La actuación dedicada, natural, intensa de Willem Dafoe en 'A Las Puertas de la Eternidad' nos recuerda, sin duda, a su trabajo más conocido: el papel de Jesús en 'La última tentación de Cristo'

En no pocos momentos de At Eternity’s Gate -quinto largometraje del neoyorquino Julian Schnabel- el Van Gogh de Willem Dafoe nos provoca fuertes reminiscencias con el Jesucristo del mismo actor en aquel clásico de Martin Scorsese, The Last Temptation of Christ (1988). Ambos personajes están llenos de dudas sobre si mismos, ensimismados en su propio infierno, cual misioneros con una tremenda carga sobre los hombros, pero finalmente extasiados en la belleza y la fuerza de la naturaleza, o del creador.

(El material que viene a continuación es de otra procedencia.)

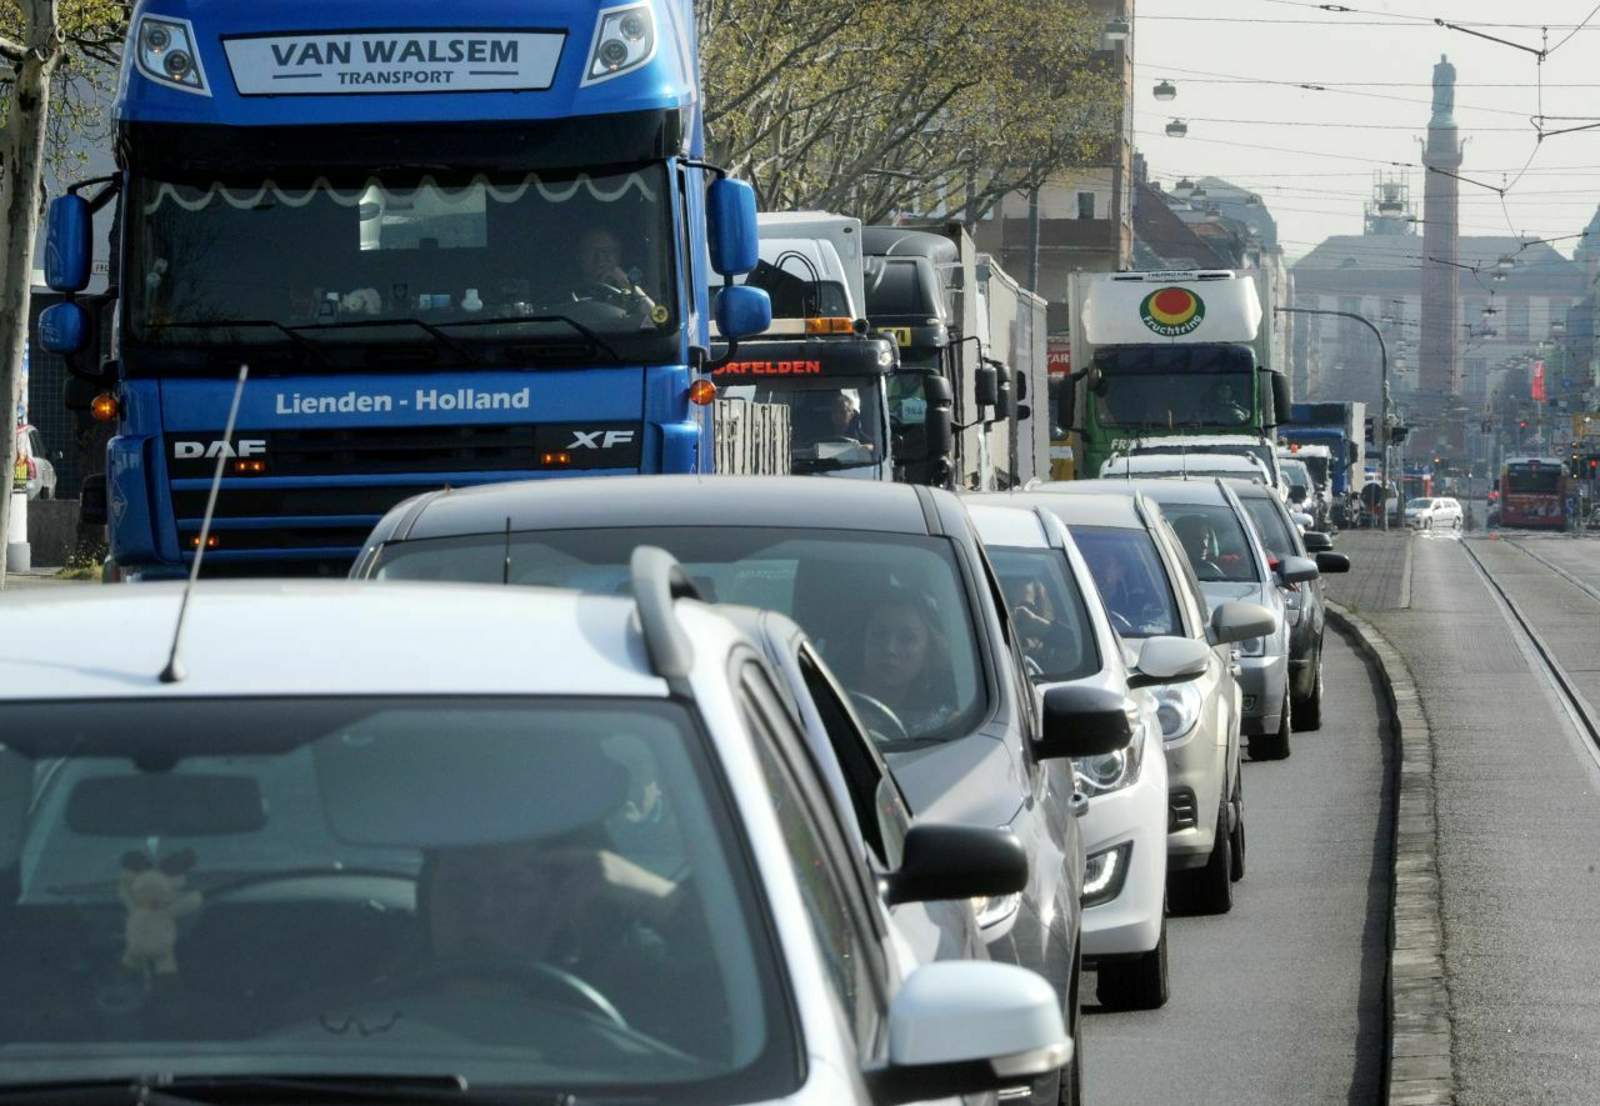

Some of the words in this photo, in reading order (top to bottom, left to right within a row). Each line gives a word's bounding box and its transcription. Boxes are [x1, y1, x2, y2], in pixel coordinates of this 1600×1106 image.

[271, 41, 351, 66] VAN
[362, 39, 518, 63] WALSEM
[338, 70, 454, 84] TRANSPORT
[1143, 315, 1202, 335] Fruchtring
[276, 391, 392, 414] Lienden
[416, 387, 530, 411] Holland
[565, 430, 635, 449] XF
[174, 440, 266, 459] DAF

Situada en los últimos años de la vida del pintor (muerto a los 37 años), la cinta nos muestra el afanoso proceso en el cual Vincent buscaba exhibir su obra y entender más el arte. Su amistad con Gauguin (un parlanchín Oscar Isaac) no sólo lo salva de la soledad sino que además le permite reflexionar sobre el sentido del arte, sobre su técnica y su objeto artístico.

Pero esto no es una tradicional biopic. Al igual que sucede en The Diving Bell and the Butterfly (2007), aquella cinta sobre la condición de Jean-Dominique Bauby donde su parálisis se comparaba a una mariposa atrapada dentro de una escafandra por la cual mira al mundo pero de la que no puede escapar, así mismo Van Gogh se muestra como un gran observador de la belleza, pero el cual no puede escapar a su cuerpo y su mente llena de inseguridades, soledad, desdicha y si, algo de locura.

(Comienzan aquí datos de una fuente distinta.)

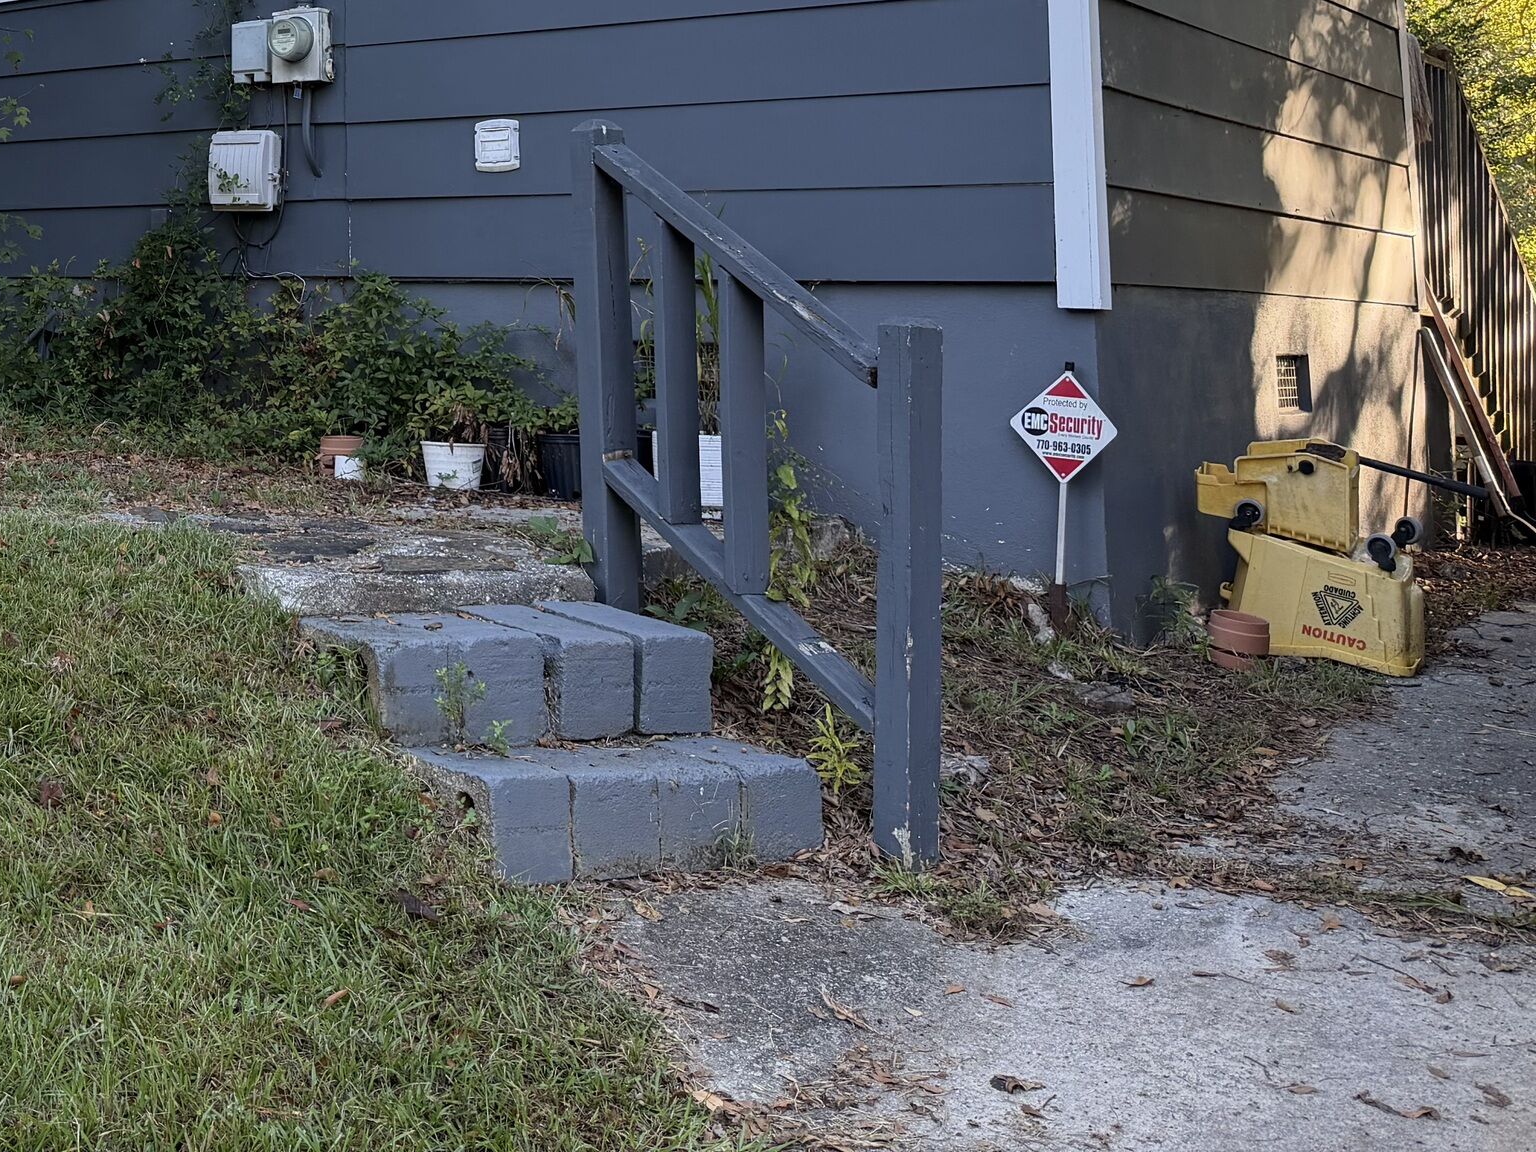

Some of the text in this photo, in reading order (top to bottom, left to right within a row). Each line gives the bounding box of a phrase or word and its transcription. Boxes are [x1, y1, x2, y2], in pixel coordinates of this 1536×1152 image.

[1043, 397, 1088, 411] Protected by
[1024, 412, 1103, 440] EMC Security
[1036, 439, 1091, 455] 770-963-0305
[1323, 584, 1356, 599] CUIDADO
[1311, 591, 1332, 626] ATTENTION
[1338, 604, 1364, 629] ACHTUNG
[1301, 624, 1367, 651] CAUTION

Así es como llegamos a varias escenas donde lo único que se ve es a un Vincent caminando cual franciscano, con su lienzo, sus pinceles y sus pinturas en la espalda, buscando el paisaje ideal para detenerse y pintar. Se trata de la etapa de mayor producción del artista, cuadros y cuadros que en ése entonces a nadie le interesaron y que hoy forman parte de una colección invaluable que se encuentra dispersa por los museos más importantes del mundo.

A Schnabel (quien también funge como guionista junto con el legendario Jean-Claude Carrière), no le interesa el recuento de los hechos sino más bien el recuento de la angustia, la soledad y la fragilidad del pintor así como sus dudas sobre la creación artística y el fin último del arte. Esos debates se hacen explícitos en las pláticas con un Gauguin que lo reta, lo cuestiona, y la hace dudar, pero que al final (quédense a la escena post-créditos) le reconoce la técnica y la belleza con la que Vincent retrataba al mundo, (“sus pinceladas que son casi esculturas”).

La cámara de Benoît Delhomme cumple con el cometido de hacernos ver el mundo a través de los ojos de Vicent: tomas sin cortes con cámara al hombro, constantes close-ups, tomas mitad borrosas-mitad enfocadas. Pero ni la habilidad técnica de Delhomme ni la contensión dramática de Schnabel funcionarían sin el talento de un Willem Dafoe cuyo rostro, ademanes, miradas y mutismo son el lienzo perfecto para contagiarnos de la pesadez existencial del artista sin que esto devenga en cliché ni humor involuntario.

Dafoe, de nueva cuenta, habla con dios y con el diablo, debate sobre la belleza, trata de exorcizar sus demonios, y en ese viaje nos contagia con la intensidad de su arte. Lo mínimo que debería de suceder es que le den un Oscar a éste hombre.